• EXERCISE DETAILS
The records that follow are to be printed exactly, with no images.

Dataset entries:
-.-.-

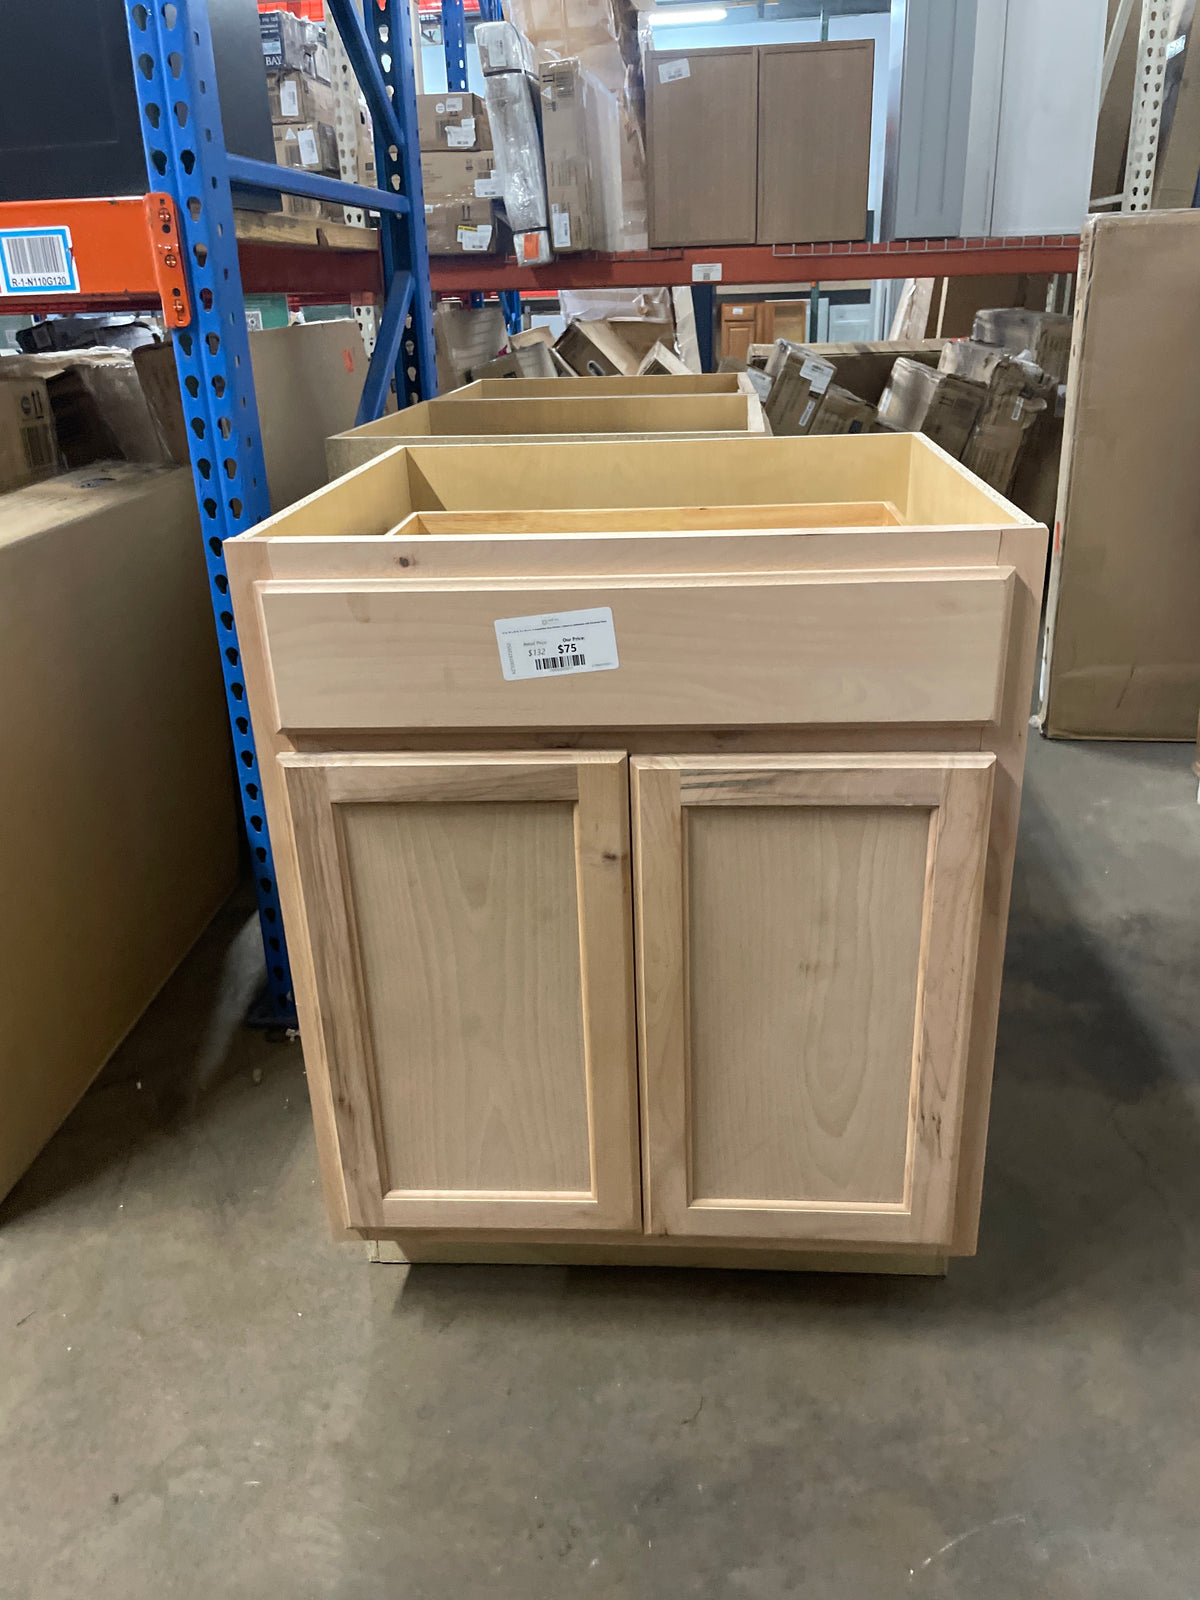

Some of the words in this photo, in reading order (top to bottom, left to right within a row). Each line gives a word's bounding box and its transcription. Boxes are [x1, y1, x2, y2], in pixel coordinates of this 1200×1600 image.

[265, 56, 282, 66] BAY
[12, 276, 67, 287] R-1-N110G120
[528, 648, 546, 657] $132
[557, 643, 577, 654] $75
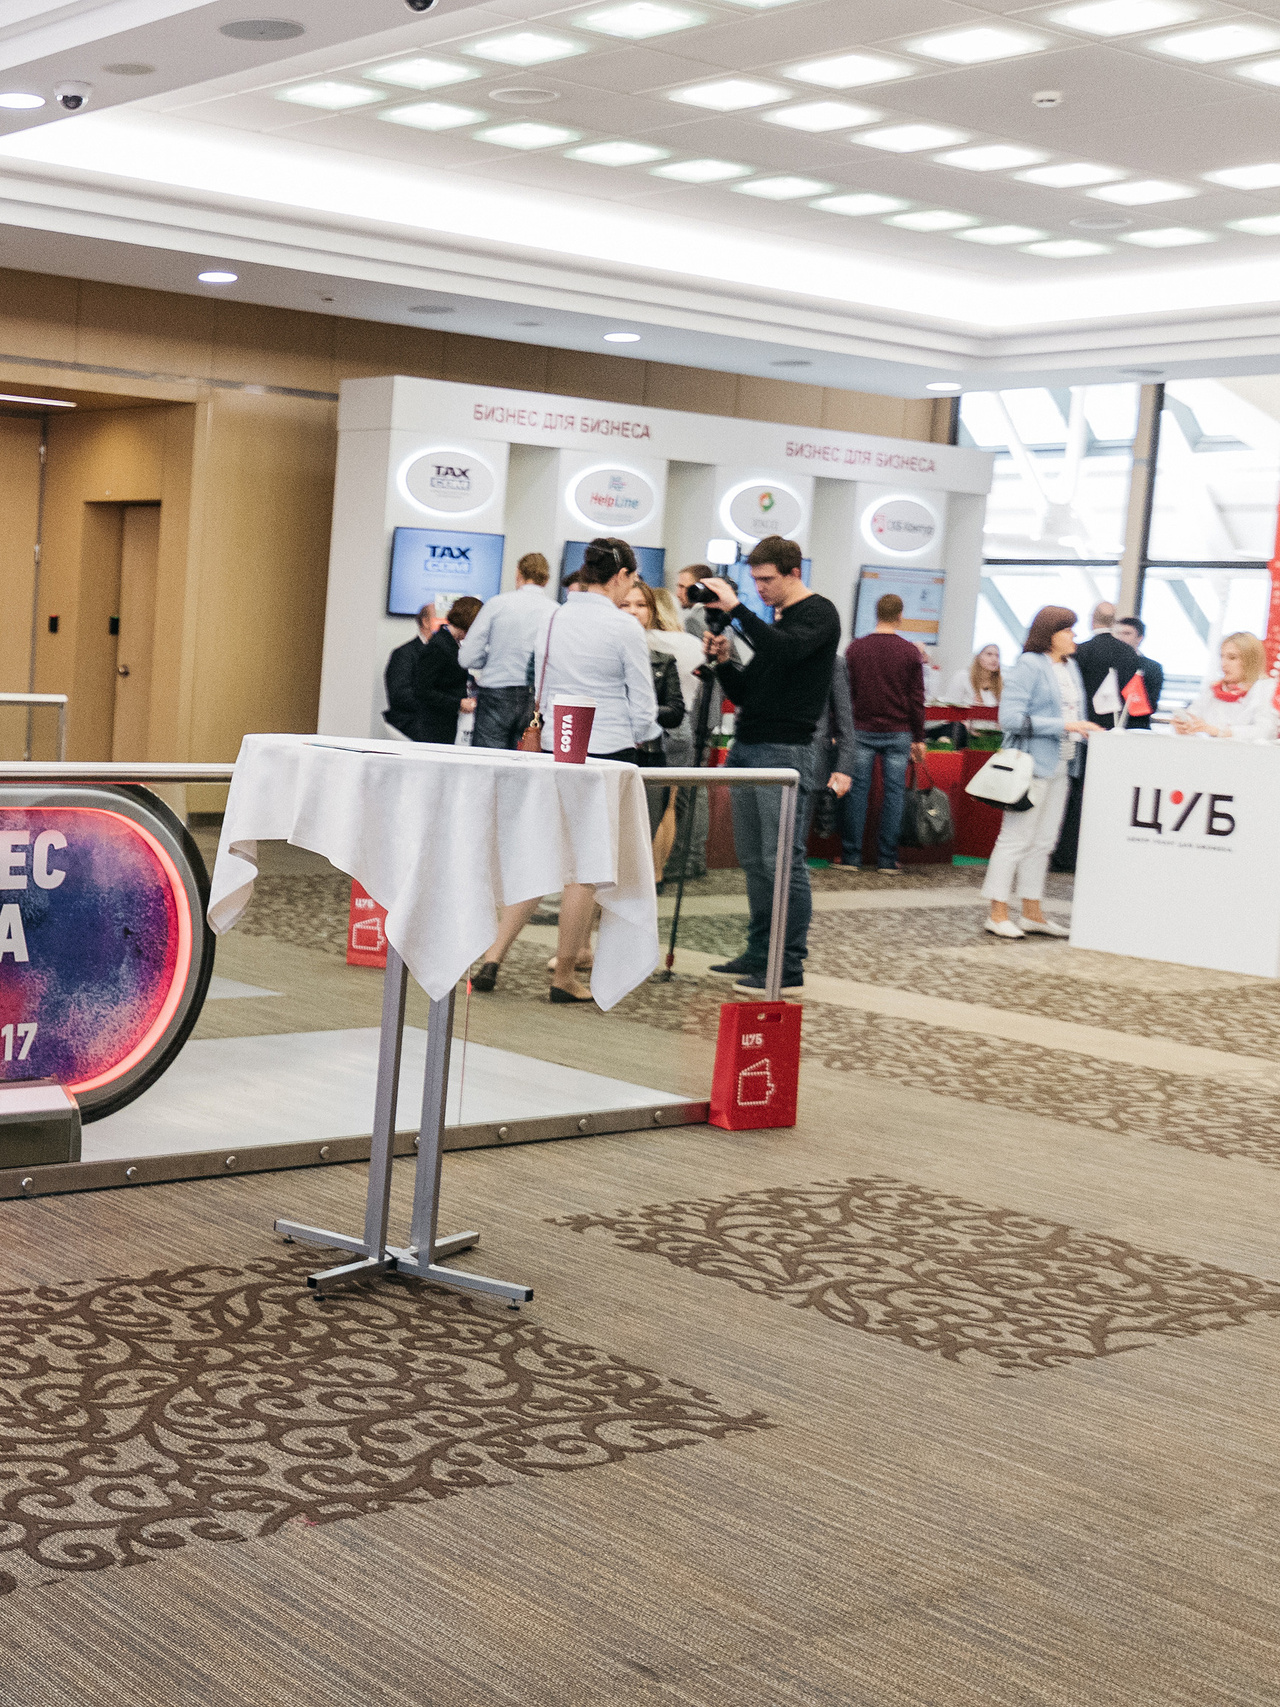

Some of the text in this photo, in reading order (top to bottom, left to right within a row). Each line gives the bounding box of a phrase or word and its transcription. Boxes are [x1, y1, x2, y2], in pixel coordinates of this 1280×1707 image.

[473, 403, 651, 439] БИЗНЕС ДЛЯ БИЗНЕСА
[433, 465, 470, 478] TAX
[786, 441, 936, 473] БИЗНЕС ДЛЯ БИЗНЕСА
[428, 544, 471, 560] TAX
[560, 714, 573, 753] COSTA
[1130, 786, 1236, 836] ЦУБ
[741, 1033, 763, 1047] ЦУБ

-.-.-

• ANSWER SPACE
Some of the words in this photo, in reading order (top to bottom, left to right within a row). Each line gives a word's bounding box and its transcription. Boxes are [x1, y1, x2, y2], in pixel coordinates of this 1200×1600 image.

[265, 56, 282, 66] BAY
[12, 276, 67, 287] R-1-N110G120
[528, 648, 546, 657] $132
[557, 643, 577, 654] $75

Some of the text in this photo, in reading order (top to bottom, left to right within a row). Each line gives the bounding box of a phrase or word and its transcription. Boxes are [x1, y1, x2, y2], in pixel coordinates of this 1280×1707 image.

[473, 403, 651, 439] БИЗНЕС ДЛЯ БИЗНЕСА
[433, 465, 470, 478] TAX
[786, 441, 936, 473] БИЗНЕС ДЛЯ БИЗНЕСА
[428, 544, 471, 560] TAX
[560, 714, 573, 753] COSTA
[1130, 786, 1236, 836] ЦУБ
[741, 1033, 763, 1047] ЦУБ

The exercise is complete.